As for any treatment, a person needs to explore all possibilities before treatment. A good doctor will be able to help with the process.
My daughters may not be good prospects because their father is allergic to bee stings, many chemicals and whatever they put in perfumes.

MiChelle Jeneen

That's an excellent point Jill. As with ANY treatments, knowing one's body, listening to our own inner voice, consultation with our healthcare provider and seeking a qualified/certified practioner is of utmost importance.

According to apitherapy.org, "Contrary to popular belief allergy to honey bee sting is relatively rare: about 7 in a thousand persons is allergic. Of this proportion only a small percentage risks anaphylactic shock. Never the less bee venom treatment is always to be preceded by a test of sensitivity.

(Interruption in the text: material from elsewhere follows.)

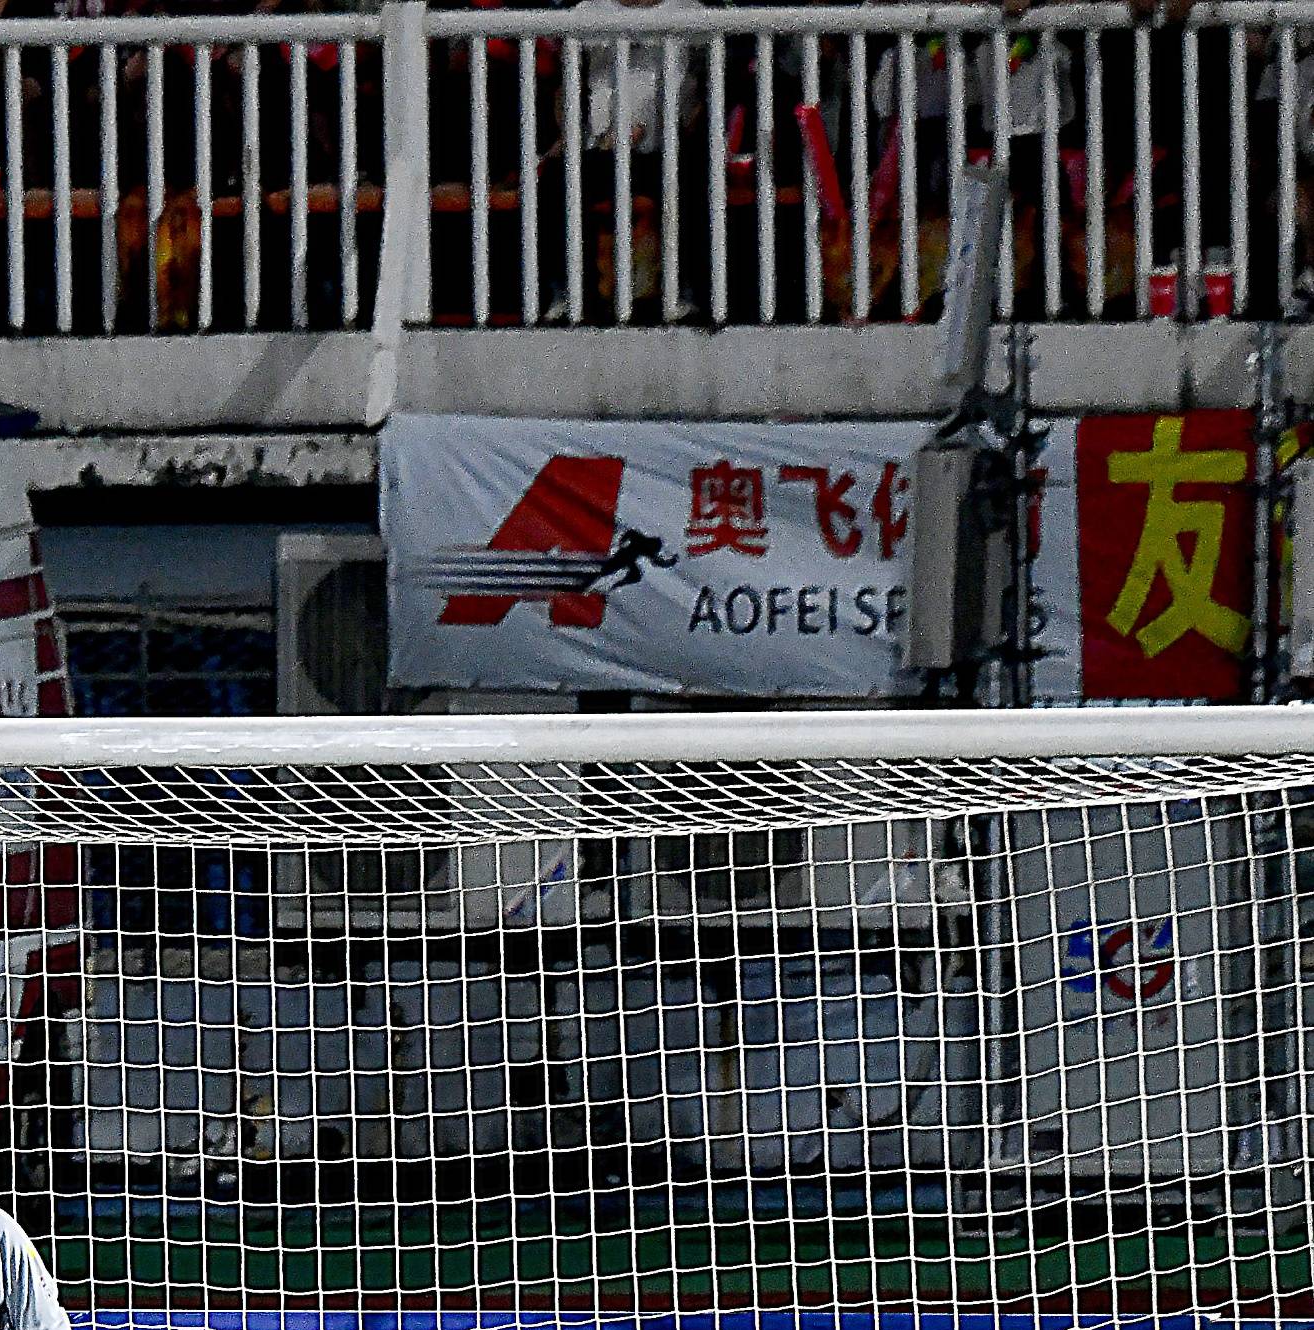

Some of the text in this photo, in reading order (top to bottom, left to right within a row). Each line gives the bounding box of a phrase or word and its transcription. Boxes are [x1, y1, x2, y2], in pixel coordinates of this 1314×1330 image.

[684, 459, 1049, 560] 奥飞
[1106, 415, 1295, 660] 友
[687, 584, 840, 637] AOFEI

A sensitive person can be de-sensitized to bee venom, thus allowing Apitherapy to proceed. AAS recommends that any one that uses or administers bee venom have readily available an Epinephrine kit to be used in case of anaphylactic response and know how to use it. Erroneously, many people consider swelling after a sting to be an allergic reaction. Swelling is a normal response of the body as are localized redness, swelling and itching."

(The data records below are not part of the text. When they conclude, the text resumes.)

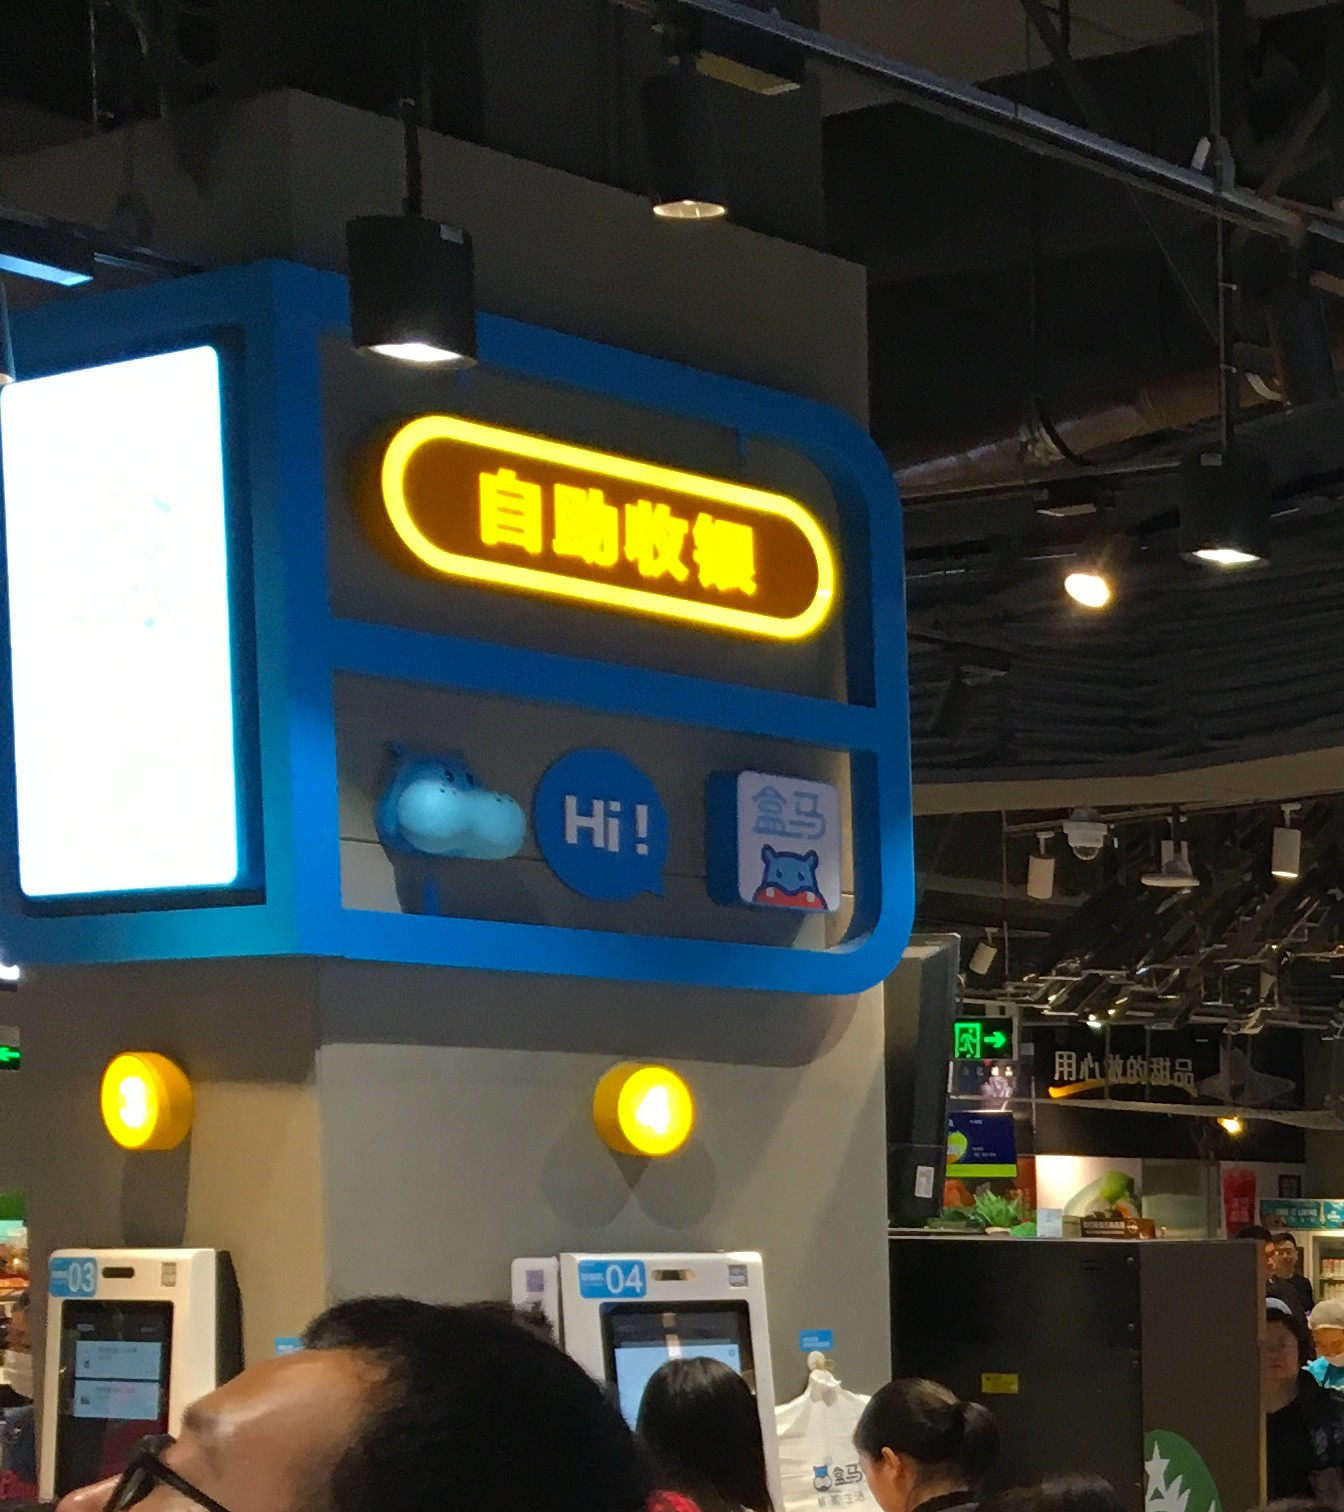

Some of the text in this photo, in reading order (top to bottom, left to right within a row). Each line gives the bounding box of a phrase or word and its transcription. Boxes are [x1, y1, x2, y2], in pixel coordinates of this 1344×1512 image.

[479, 469, 756, 596] 自助收银
[564, 798, 648, 857] Hi!
[752, 785, 827, 840] 盒马
[68, 1261, 96, 1293] 03
[606, 1264, 643, 1294] 04
[833, 1464, 863, 1486] 盒马
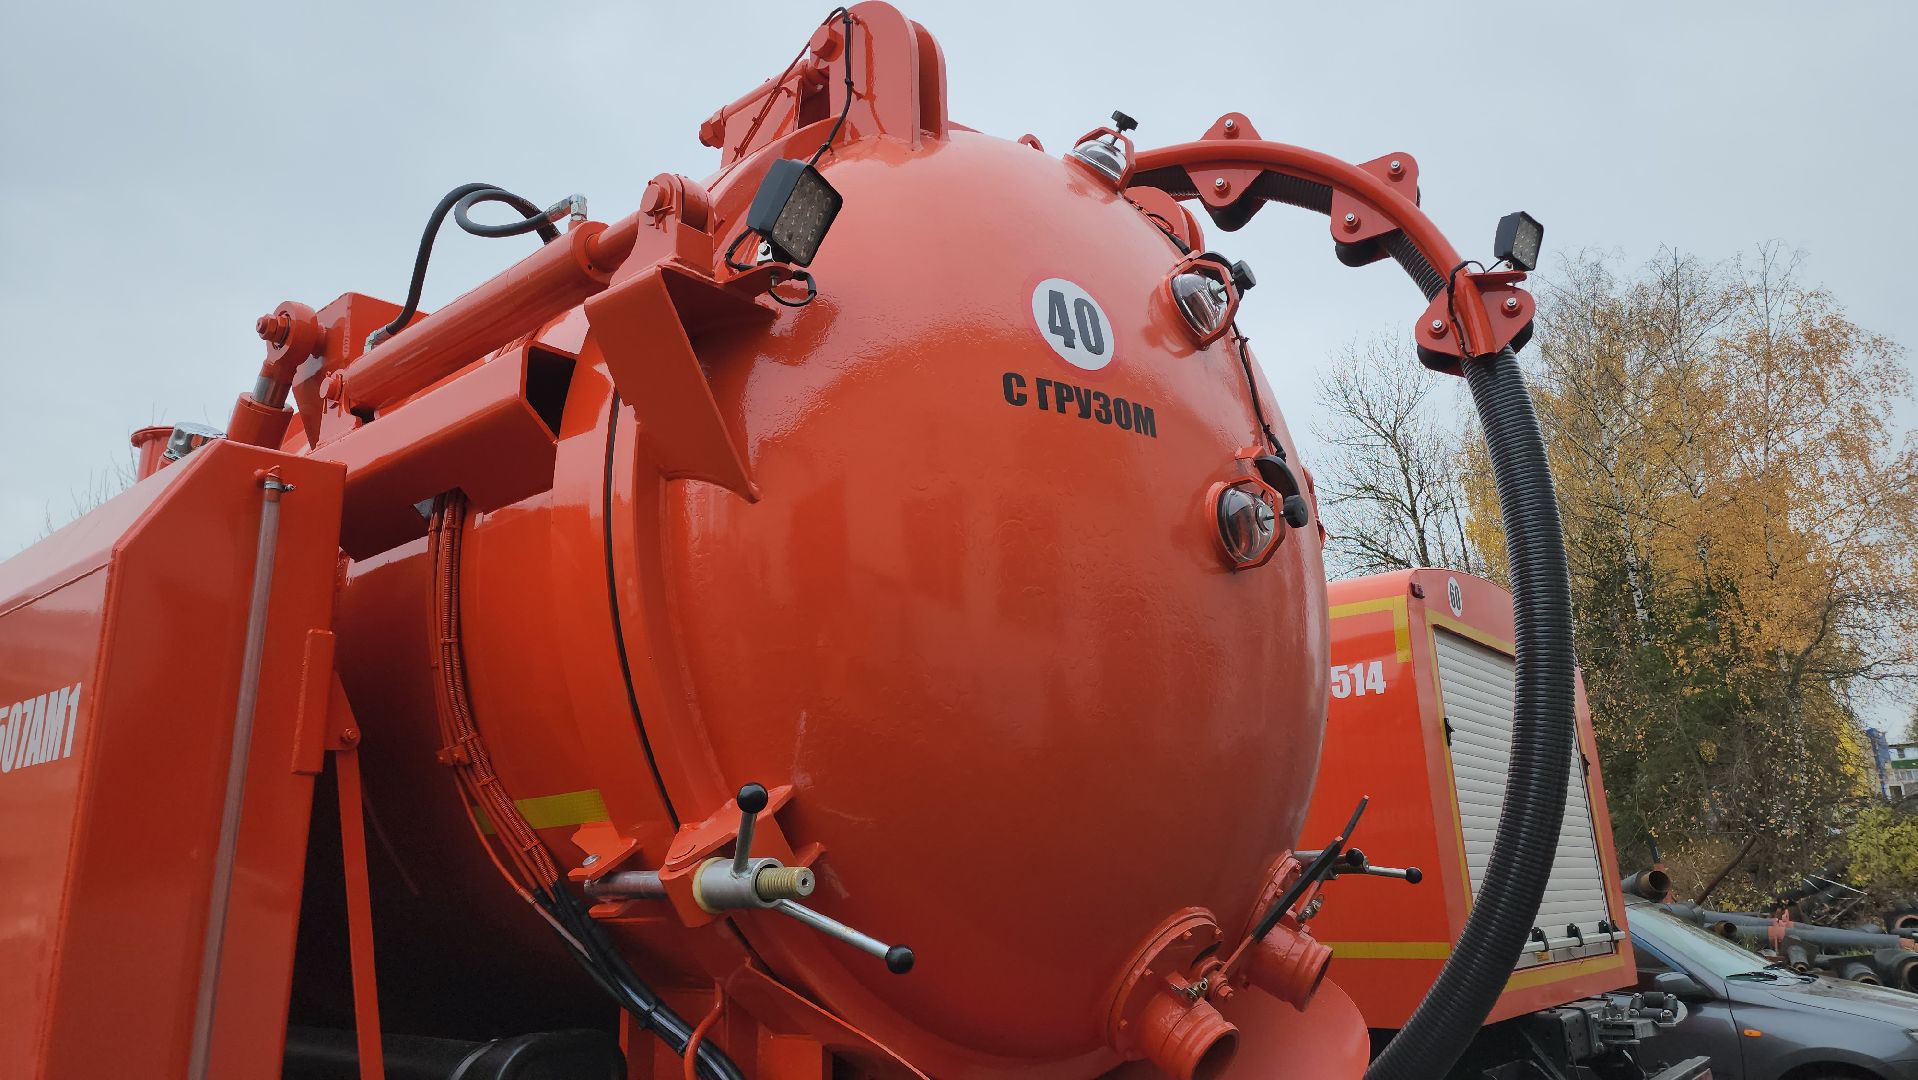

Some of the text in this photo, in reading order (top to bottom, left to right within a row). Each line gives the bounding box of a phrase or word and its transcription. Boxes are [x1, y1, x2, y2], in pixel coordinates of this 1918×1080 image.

[1048, 290, 1104, 355] 40
[1002, 372, 1157, 438] С ГРУЗОМ
[1449, 582, 1461, 611] 60
[1330, 660, 1387, 699] 514

Jill, you're right in suggesting that every treatment is not for every person. That is why this is such a great forum for exploration and information sharing. Thanks so much for your comment!

Jill Booth

That sounds wonderful, Michelle. But what about the many people who are allergic to bee stings and who could die of rapid onset anaphylactic shock if they are stung? A friend of mine has this condition, so, obviously would run a mile from such treatment. But what about those who don't know that they are allergic to the toxins?